Media
Bianca, pensavi di fare il direttore in eterno?
Lettera aperta a Bianca Berlinguer
Cara collega, davvero pensavi di rimanere a dirigere il Tg3 fino alla pensione? I ricambi alla guida di telegiornali e giornali, pubblici o privati che siano, fanno parte delle regole del gioco. Il tempo passa inesorabile per tutti e qualsiasi editore, con il periodico rinnovamento dei vertici, prova a rinvigorire le redazioni, a introdurre nuove idee, a modificare i processi di produzione e gestione delle notizie nella speranza di adeguare l’offerta di informazione ai nuovi linguaggi e alle mutate esigenze del pubblico. Non sempre ci riesce, certo, ma perché la Rai dovrebbe comportarsi diversamente da qualsiasi altro editore? Di tempo dalle ultime nomine ai vertici delle testate Rai ne è passato molto. Dopo sette anni sotto la medesima guida, tanto sono durate le attuali direzioni, il rischio di sclerotizzare il prodotto è altissimo per chiunque, figuriamoci in un’azienda strutturata e complessa quale la Rai. Quindi, non trovo nulla di scandaloso nell’avvicendamento dei direttori deciso qualche giorno fa.

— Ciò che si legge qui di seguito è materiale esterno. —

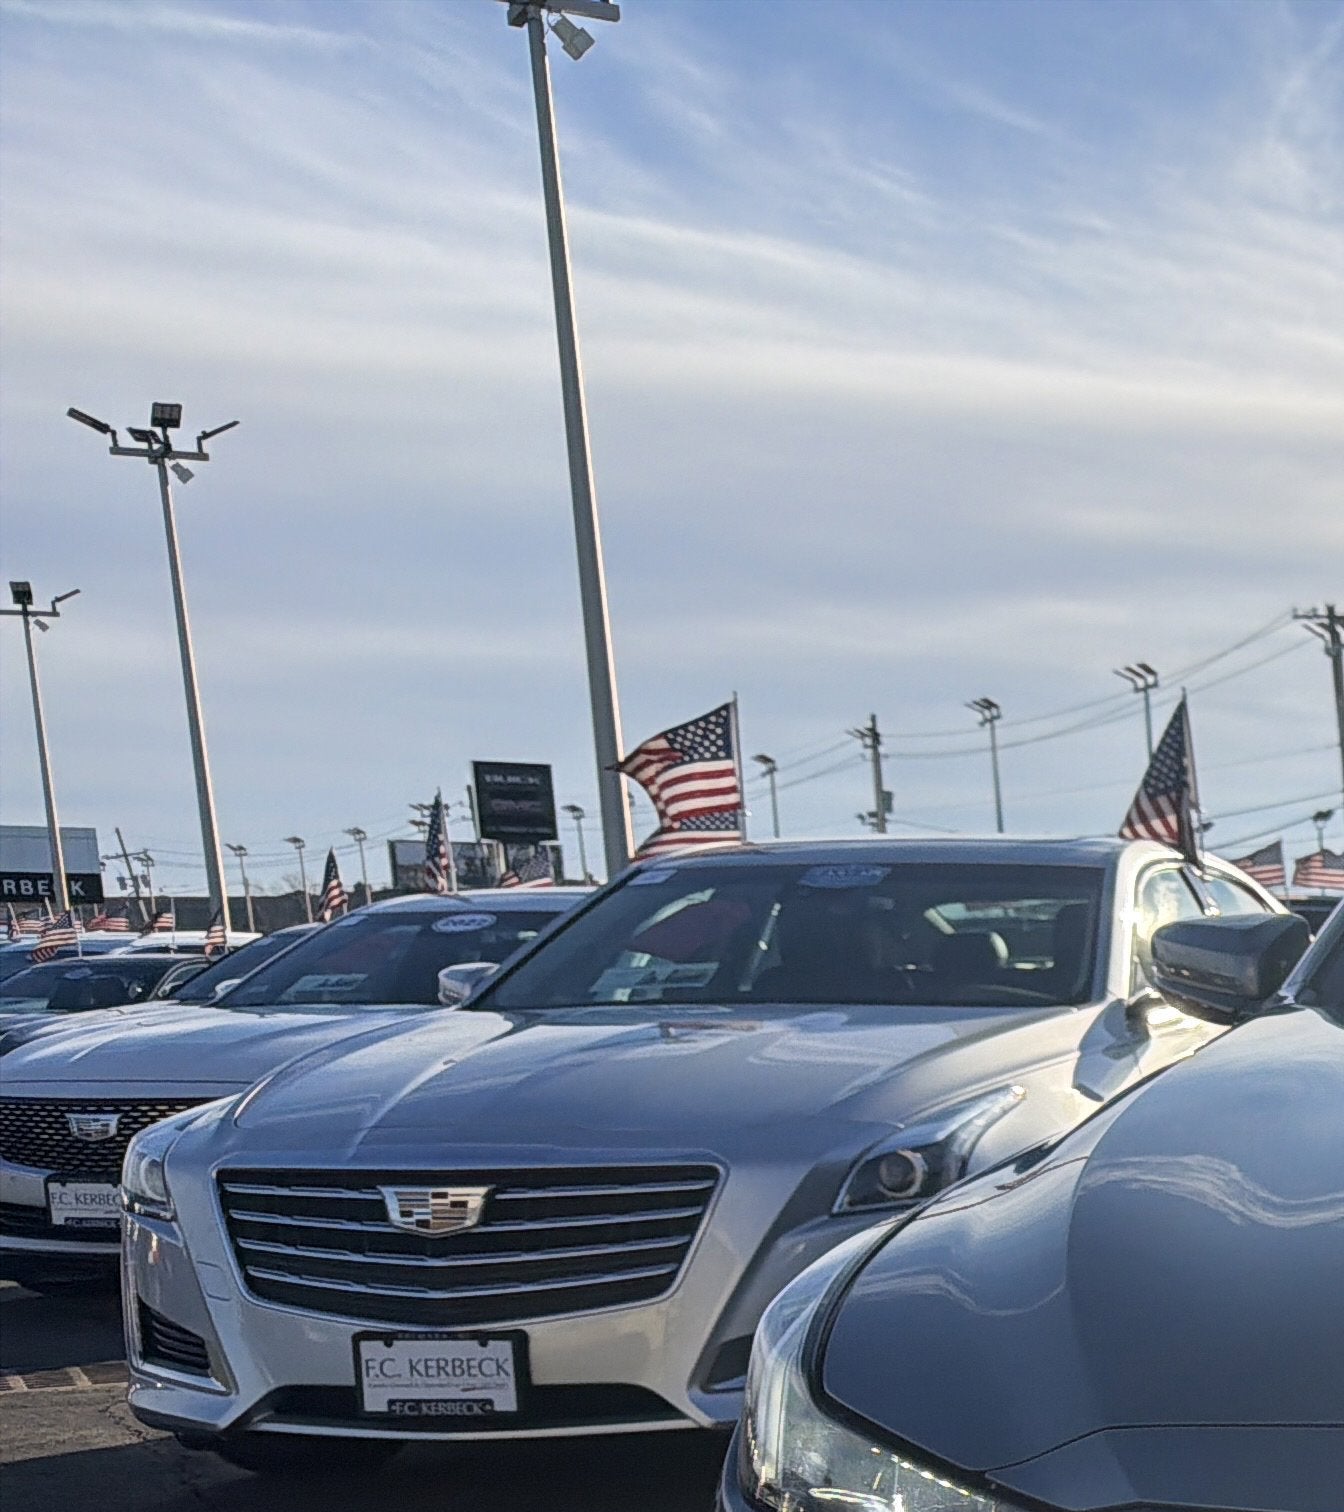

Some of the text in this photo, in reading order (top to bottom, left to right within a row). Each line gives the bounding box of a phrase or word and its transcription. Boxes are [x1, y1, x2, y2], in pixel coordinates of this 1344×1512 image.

[1, 878, 86, 897] RBEK
[74, 1191, 121, 1207] KERBEC
[364, 1357, 511, 1378] F.C. KERBECK

Tuttavia, sono rimasto perplesso dalla tua reazione pubblica. Sei andata alla trasmissione di un canale concorrente, In Onda, hai utilizzato l’ultimo editoriale a tua disposizione per riferire di “attacchi sguaiati contro il Tg3 corsaro”, hai scritto della tua vicenda professionale su Facebook. Azioni che sembrano fatte ad arte per costruirti un’immagine di vittima del potere, invero poco credibile.

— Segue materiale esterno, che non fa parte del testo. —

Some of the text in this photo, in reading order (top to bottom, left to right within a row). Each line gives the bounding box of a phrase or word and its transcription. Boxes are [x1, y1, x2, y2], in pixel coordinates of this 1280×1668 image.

Vuoi forse lasciarci intendere di essere stata epurata? Non sembra così: non sei stata licenziata, né allontanata. Da settembre, per tua stessa ammissione, condurrai un nuovo programma, sempre su Rai 3 in tandem con Michele Santoro. Sei vittima del sistema politico? Dubito. Se oggi ci sono state, come tu fai intendere, pressioni politiche per rimuoverti dalla guida del Tg3, risulta incredibile che sette anni fa non ci siano state pressioni simili per fartene assumere la direzione. Non ricordo cadute di stile da parte dell’allora direttore uscente Antonio Di Bella, né rammento stucchevoli piagnistei suoi o di suoi accoliti.

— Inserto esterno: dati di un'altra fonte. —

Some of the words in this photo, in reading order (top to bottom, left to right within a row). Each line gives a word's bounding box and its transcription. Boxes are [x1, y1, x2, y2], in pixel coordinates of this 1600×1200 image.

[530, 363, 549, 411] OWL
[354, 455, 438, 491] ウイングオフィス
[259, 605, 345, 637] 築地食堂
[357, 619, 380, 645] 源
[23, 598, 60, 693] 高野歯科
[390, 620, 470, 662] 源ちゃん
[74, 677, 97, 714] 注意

Invece, su Facebook hai scritto un post dai toni emozionali per ringraziare della “solidarietà” espressa da tanti in un momento difficile della tua vita e della tua carriera professionale. Due domande, in proposito: 1) non ti sembra di esagerare? In fin dei conti cambi ruolo, dopo sette lunghi anni in cui hai avuto la direzione di una delle testate giornalistiche più importanti e prestigiose d’Italia. Ci sono stati direttori la cui esperienza alla guida di Tg Rai è durata molto meno: a memoria Lerner, Minzolini e Riotta, solo per citarne qualcuno. Non hai subito violenze di alcun genere, né soprusi. Farai altro, ma sempre all’interno dell’azienda in cui sei entrata qualche decennio orsono e probabilmente manterrai il medesimo compenso attuale, 280 mila euro lordi l’anno. Anche per questi motivi 2) non credi che la drammatizzazione dei fatti manchi di rispetto alle migliaia di colleghi che, non avendo cognomi importanti, né la minima possibilità di entrare in contatto con l’elitaria biosfera della nomenclatura italiana, si confrontano con la libera concorrenza di mercato e vivono di conseguenza la professione giornalistica in condizioni di crescente precarietà? Per loro, ogni cambio di linea editoriale o di scelte strategiche comporta spesso la perdita dell’unica fonte di sostentamento e di conseguenza non possono, tanto per fare qualche esempio concreto, mandare il figlio in gita scolastica, dovranno rinunciare alle vacanze o, peggio, saranno in ritardo con l’affitto o con la rata del mutuo. Poco importa che abbiano 25, 35 o 55 anni, così è. Dal giorno dopo devono cercarsi un nuovo cliente, senza l’aiuto di nessuno. Sanno che non esistono incarichi eterni ma, a differenza tua, non hanno alcun paracadute.